Work required: Skip the images and repeat every entry word for word.

Listed entries:
+ + + + + + +

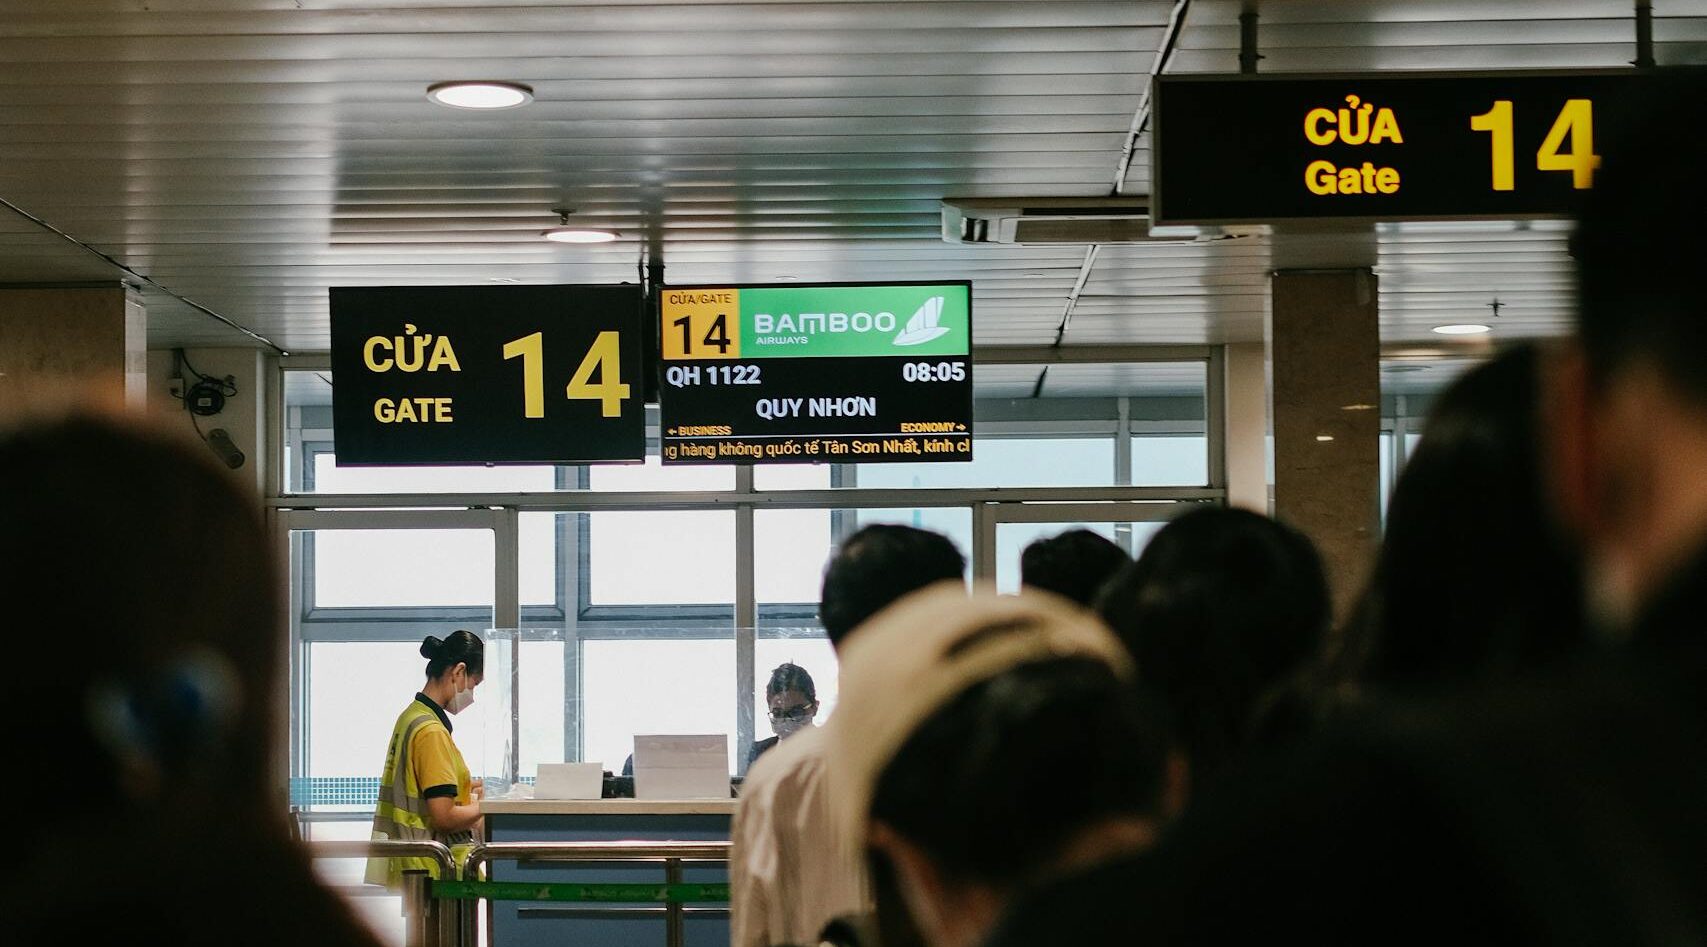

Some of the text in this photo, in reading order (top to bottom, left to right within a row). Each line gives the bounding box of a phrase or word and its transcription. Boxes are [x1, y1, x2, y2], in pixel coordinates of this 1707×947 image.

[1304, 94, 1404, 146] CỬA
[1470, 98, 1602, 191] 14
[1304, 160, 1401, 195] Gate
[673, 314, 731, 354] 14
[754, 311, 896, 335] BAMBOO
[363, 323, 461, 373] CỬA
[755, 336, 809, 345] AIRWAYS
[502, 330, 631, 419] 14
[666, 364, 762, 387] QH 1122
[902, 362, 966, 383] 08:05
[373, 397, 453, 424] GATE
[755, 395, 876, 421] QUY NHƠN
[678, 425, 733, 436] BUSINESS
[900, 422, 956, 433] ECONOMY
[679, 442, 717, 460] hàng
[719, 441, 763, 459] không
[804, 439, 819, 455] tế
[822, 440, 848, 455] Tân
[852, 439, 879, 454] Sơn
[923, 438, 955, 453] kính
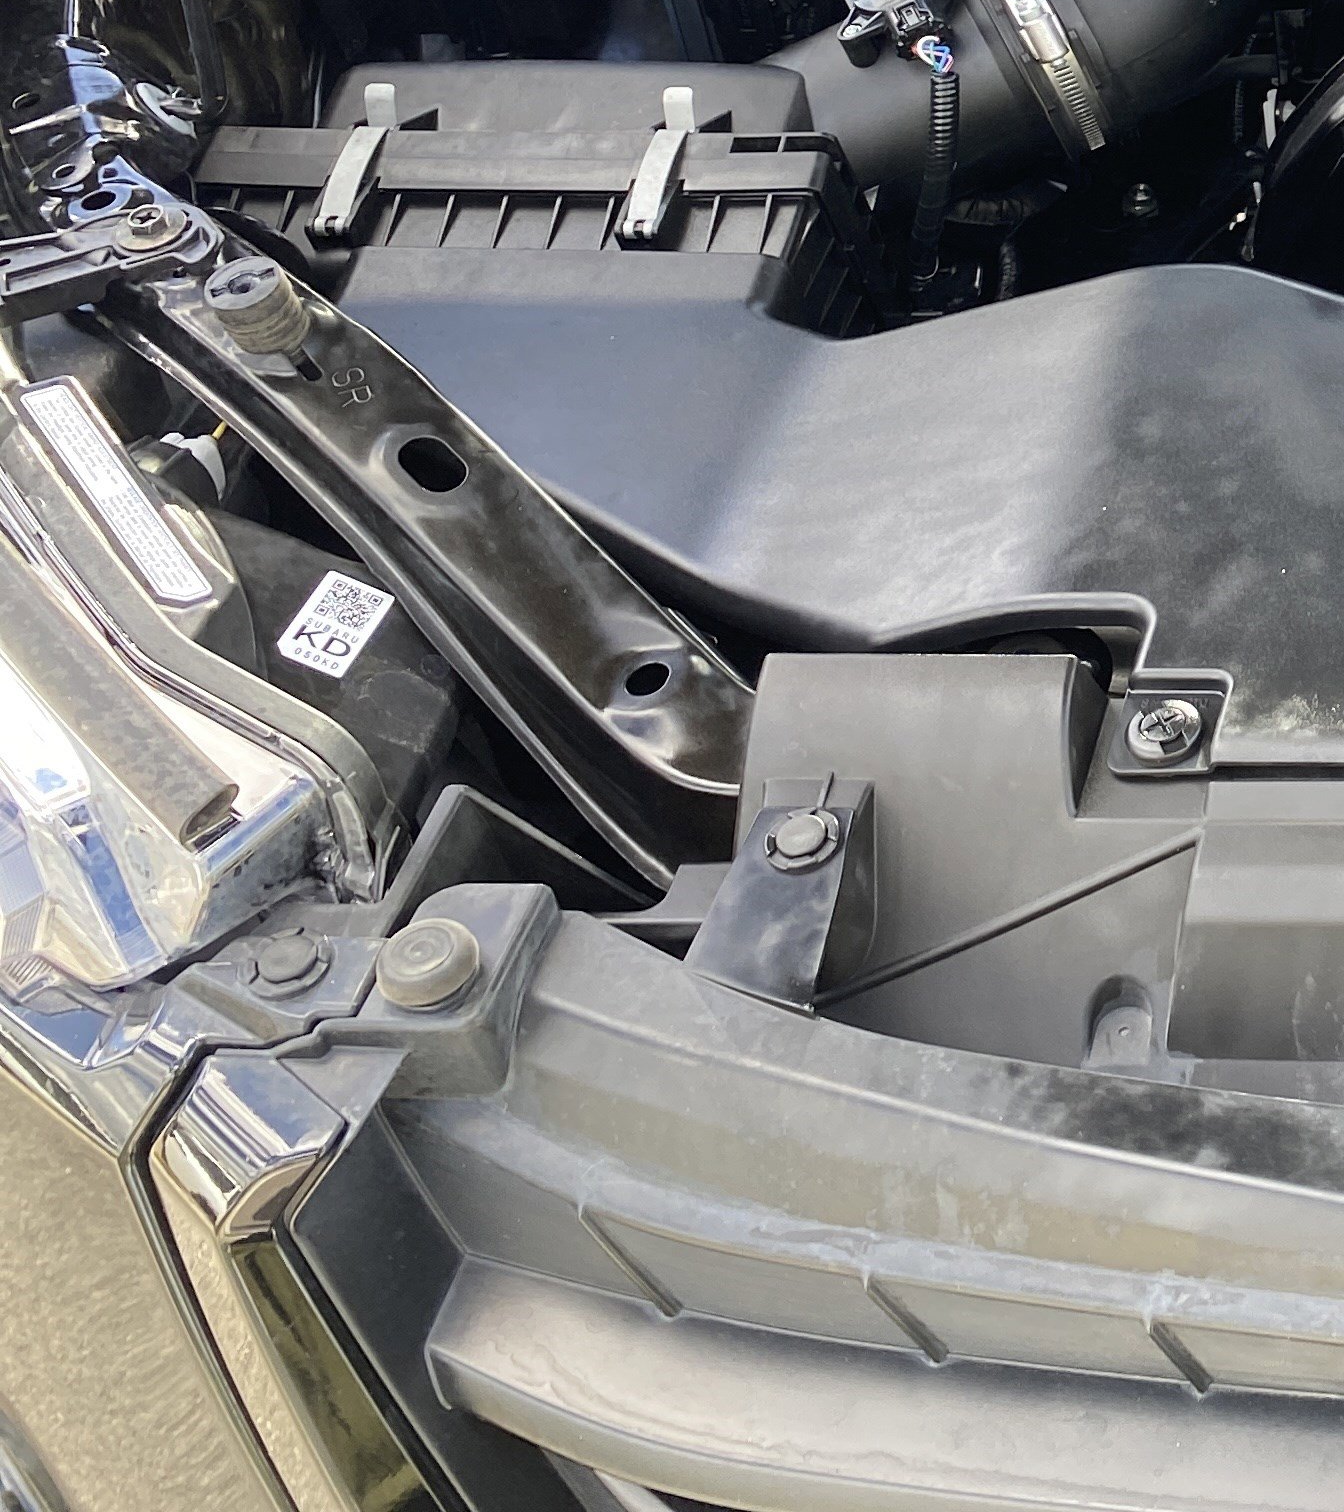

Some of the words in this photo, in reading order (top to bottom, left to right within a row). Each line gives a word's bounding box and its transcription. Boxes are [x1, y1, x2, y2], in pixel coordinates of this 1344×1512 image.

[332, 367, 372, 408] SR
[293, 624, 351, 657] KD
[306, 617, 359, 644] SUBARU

+ + + + + + +

Task answer:
Some of the text in this photo, in reading order (top to bottom, left to right within a row). Each line gives the bounding box of a phrase or word and its transcription. Boxes are [x1, y1, x2, y2], in pixel coordinates of this 1707×947 image.

[1304, 94, 1404, 146] CỬA
[1470, 98, 1602, 191] 14
[1304, 160, 1401, 195] Gate
[673, 314, 731, 354] 14
[754, 311, 896, 335] BAMBOO
[363, 323, 461, 373] CỬA
[755, 336, 809, 345] AIRWAYS
[502, 330, 631, 419] 14
[666, 364, 762, 387] QH 1122
[902, 362, 966, 383] 08:05
[373, 397, 453, 424] GATE
[755, 395, 876, 421] QUY NHƠN
[678, 425, 733, 436] BUSINESS
[900, 422, 956, 433] ECONOMY
[679, 442, 717, 460] hàng
[719, 441, 763, 459] không
[804, 439, 819, 455] tế
[822, 440, 848, 455] Tân
[852, 439, 879, 454] Sơn
[923, 438, 955, 453] kính

Some of the words in this photo, in reading order (top to bottom, left to right within a row). Each line gives a word's bounding box and its transcription. Boxes are [x1, y1, x2, y2], in pixel coordinates of this 1344×1512 image.

[332, 367, 372, 408] SR
[293, 624, 351, 657] KD
[306, 617, 359, 644] SUBARU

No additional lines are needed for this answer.